Diposkan pada 18 July 2018

 

            Halo warga Sukabumi, apa kabar? Semoga sehat selalu. Pada kesempatan ini salah satu dokter umum di Rumah Sakit Betha Medika, dr. Puti Piranti akan memberikan informasi seputar penyakit stroke. Mari kita simak penjelasannya.

Apa itu stroke? Dan mengapa bisa terjadi?

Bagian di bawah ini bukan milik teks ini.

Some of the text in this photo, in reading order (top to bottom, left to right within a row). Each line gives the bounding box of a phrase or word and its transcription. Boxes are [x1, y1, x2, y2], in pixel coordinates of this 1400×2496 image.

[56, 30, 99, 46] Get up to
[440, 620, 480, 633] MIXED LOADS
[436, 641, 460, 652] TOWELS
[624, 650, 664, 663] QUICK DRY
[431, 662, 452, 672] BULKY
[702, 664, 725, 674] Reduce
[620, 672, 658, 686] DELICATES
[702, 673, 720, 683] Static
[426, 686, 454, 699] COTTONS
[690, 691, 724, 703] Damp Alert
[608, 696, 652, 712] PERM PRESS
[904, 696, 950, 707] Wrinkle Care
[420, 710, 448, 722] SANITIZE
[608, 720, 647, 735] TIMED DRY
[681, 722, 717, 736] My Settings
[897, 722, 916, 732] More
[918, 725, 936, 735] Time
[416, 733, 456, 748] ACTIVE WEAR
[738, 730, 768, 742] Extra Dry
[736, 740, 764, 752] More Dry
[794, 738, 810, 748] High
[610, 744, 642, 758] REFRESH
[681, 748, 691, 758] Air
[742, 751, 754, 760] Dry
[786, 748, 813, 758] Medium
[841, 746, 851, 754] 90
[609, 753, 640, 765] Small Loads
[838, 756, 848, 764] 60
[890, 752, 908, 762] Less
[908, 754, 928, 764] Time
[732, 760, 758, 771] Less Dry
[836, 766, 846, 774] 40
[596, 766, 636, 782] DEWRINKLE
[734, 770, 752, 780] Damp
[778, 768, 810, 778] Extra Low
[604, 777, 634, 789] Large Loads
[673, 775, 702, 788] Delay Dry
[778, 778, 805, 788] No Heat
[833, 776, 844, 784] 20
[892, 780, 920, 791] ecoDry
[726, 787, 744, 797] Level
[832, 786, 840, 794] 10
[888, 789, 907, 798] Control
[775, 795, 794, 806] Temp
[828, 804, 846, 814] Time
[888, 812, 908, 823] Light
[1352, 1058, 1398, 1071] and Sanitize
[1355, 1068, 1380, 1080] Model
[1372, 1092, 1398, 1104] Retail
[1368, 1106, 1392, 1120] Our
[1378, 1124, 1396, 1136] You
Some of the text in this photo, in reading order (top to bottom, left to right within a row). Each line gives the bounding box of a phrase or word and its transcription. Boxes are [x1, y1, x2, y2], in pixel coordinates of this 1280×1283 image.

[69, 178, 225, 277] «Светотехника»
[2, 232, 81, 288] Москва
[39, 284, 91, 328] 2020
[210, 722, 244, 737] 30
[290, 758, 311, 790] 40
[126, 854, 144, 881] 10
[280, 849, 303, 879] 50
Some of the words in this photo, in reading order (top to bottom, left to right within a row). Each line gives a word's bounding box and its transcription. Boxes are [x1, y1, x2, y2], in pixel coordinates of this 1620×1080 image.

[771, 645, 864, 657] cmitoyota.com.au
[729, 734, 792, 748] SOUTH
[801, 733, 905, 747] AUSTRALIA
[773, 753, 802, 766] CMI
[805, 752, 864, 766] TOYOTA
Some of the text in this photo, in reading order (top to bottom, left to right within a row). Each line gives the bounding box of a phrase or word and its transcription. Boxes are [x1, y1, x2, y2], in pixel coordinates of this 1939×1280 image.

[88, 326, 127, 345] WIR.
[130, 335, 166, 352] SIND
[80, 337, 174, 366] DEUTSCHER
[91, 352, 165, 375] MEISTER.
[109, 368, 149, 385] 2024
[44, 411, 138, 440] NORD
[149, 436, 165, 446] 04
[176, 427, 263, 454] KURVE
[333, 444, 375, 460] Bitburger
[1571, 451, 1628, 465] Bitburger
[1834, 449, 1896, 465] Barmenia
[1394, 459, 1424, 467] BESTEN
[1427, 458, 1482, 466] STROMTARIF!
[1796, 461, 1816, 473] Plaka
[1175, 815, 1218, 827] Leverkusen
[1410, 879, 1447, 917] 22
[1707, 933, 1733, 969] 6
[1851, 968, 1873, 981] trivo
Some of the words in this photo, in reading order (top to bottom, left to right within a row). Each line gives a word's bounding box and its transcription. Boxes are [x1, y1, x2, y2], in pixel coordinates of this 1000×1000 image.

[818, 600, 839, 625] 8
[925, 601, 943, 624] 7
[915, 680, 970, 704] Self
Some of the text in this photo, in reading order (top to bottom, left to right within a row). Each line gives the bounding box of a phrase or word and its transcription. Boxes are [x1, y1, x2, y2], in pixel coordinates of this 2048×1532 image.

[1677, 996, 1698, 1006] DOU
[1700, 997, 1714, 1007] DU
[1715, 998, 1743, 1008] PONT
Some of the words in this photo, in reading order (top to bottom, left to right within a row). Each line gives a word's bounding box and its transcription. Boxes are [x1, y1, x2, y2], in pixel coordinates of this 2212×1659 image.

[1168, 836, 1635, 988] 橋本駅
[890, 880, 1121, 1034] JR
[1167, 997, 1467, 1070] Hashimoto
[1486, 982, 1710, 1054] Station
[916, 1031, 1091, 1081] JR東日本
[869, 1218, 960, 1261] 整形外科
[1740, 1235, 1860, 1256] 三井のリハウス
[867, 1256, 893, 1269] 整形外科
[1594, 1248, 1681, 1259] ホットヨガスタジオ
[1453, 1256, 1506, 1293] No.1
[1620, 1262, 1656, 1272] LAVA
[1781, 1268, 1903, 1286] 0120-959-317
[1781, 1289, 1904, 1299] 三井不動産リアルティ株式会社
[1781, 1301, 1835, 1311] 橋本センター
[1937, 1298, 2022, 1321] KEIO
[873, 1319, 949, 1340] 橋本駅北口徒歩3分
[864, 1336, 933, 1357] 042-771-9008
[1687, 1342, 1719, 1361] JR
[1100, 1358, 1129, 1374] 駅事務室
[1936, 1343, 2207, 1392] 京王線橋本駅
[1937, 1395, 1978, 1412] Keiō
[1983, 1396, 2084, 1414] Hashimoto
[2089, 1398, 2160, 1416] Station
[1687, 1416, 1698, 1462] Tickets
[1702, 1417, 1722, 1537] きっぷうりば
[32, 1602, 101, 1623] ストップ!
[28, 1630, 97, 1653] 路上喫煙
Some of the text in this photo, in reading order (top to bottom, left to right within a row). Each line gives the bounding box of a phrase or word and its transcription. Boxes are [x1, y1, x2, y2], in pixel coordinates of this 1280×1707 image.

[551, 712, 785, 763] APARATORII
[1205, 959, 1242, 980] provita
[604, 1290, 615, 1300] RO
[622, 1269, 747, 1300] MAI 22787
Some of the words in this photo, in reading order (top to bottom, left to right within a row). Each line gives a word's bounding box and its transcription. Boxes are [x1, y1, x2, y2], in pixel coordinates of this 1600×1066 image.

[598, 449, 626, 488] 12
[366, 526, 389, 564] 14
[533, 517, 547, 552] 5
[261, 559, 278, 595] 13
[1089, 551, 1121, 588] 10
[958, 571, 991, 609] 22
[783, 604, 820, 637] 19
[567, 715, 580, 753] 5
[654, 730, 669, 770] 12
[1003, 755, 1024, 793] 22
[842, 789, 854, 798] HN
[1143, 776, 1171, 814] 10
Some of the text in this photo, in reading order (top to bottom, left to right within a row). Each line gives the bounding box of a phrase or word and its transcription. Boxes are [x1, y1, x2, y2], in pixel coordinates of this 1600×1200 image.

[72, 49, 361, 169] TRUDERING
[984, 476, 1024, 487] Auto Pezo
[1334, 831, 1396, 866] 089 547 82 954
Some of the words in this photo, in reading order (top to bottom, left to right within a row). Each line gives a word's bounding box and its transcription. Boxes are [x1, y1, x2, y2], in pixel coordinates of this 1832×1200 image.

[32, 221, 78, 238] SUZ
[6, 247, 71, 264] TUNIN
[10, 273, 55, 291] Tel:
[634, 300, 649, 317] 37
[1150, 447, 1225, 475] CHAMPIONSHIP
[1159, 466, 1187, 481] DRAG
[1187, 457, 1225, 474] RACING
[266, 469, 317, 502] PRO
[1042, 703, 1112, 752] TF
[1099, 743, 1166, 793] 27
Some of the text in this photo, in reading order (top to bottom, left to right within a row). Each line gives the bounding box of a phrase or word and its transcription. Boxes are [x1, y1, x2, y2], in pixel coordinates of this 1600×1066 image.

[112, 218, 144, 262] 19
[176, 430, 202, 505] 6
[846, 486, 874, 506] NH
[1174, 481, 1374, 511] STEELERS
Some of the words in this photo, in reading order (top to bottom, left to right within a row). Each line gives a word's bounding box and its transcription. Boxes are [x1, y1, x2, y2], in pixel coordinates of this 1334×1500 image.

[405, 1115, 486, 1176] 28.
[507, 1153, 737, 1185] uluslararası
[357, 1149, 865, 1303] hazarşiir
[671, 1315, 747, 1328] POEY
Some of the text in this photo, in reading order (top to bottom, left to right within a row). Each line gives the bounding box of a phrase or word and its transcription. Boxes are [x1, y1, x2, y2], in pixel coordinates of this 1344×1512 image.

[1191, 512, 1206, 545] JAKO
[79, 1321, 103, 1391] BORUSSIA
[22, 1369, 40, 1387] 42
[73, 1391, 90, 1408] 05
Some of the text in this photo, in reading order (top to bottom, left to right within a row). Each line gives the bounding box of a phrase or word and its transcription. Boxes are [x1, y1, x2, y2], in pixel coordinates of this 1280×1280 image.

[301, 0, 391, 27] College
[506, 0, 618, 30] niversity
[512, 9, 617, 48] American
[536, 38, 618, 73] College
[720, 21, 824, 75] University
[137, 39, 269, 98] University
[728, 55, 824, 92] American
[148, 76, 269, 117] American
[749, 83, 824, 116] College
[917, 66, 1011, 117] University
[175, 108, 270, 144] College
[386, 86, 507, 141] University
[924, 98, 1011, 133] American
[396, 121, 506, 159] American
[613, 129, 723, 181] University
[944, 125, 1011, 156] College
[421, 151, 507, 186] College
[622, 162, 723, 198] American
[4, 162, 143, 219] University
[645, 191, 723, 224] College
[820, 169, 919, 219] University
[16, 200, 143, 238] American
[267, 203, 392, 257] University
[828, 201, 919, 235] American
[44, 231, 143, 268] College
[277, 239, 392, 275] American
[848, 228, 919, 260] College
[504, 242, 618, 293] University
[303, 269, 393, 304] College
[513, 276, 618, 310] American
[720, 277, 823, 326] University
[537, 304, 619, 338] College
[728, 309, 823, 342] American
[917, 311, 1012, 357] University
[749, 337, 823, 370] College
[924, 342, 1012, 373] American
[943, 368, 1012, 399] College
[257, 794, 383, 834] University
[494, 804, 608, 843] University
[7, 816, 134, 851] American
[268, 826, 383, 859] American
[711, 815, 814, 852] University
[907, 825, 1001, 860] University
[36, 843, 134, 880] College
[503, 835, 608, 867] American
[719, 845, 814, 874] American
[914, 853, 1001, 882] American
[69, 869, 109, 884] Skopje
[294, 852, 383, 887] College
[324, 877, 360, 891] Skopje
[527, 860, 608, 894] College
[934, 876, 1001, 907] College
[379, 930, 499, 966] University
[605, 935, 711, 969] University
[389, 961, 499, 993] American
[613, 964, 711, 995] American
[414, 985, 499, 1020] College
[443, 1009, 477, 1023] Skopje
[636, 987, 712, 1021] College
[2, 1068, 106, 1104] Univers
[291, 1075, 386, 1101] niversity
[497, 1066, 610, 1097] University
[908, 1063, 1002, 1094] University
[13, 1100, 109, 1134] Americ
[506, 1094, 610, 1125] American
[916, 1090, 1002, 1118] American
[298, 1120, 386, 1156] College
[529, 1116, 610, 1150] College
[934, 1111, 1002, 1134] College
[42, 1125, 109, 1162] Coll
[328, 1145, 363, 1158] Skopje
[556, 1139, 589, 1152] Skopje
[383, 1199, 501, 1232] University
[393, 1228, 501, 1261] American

            Stroke merupakan penyakit yang cukup sering ditemukan di masyarakat, dan merupakan penyebab kematian nomor satu di Indonesia, disusul oleh penyakit jantung koroner. Stroke adalah penyakit yang terjadi pada pembuluh darah otak. Seperti organ-organ lainnya, otak merupakan organ yang dialiri banyak pembuluh darah untuk membawa nutrisi dan oksigen ke otak. Stroke terjadi ketika fungsi otak terganggu akibat aliran pembuluh darah di otak mengalami gangguan, bisa karena sumbatan di pembuluh darah, atau karena pecahnya pembuluh darah tersebut.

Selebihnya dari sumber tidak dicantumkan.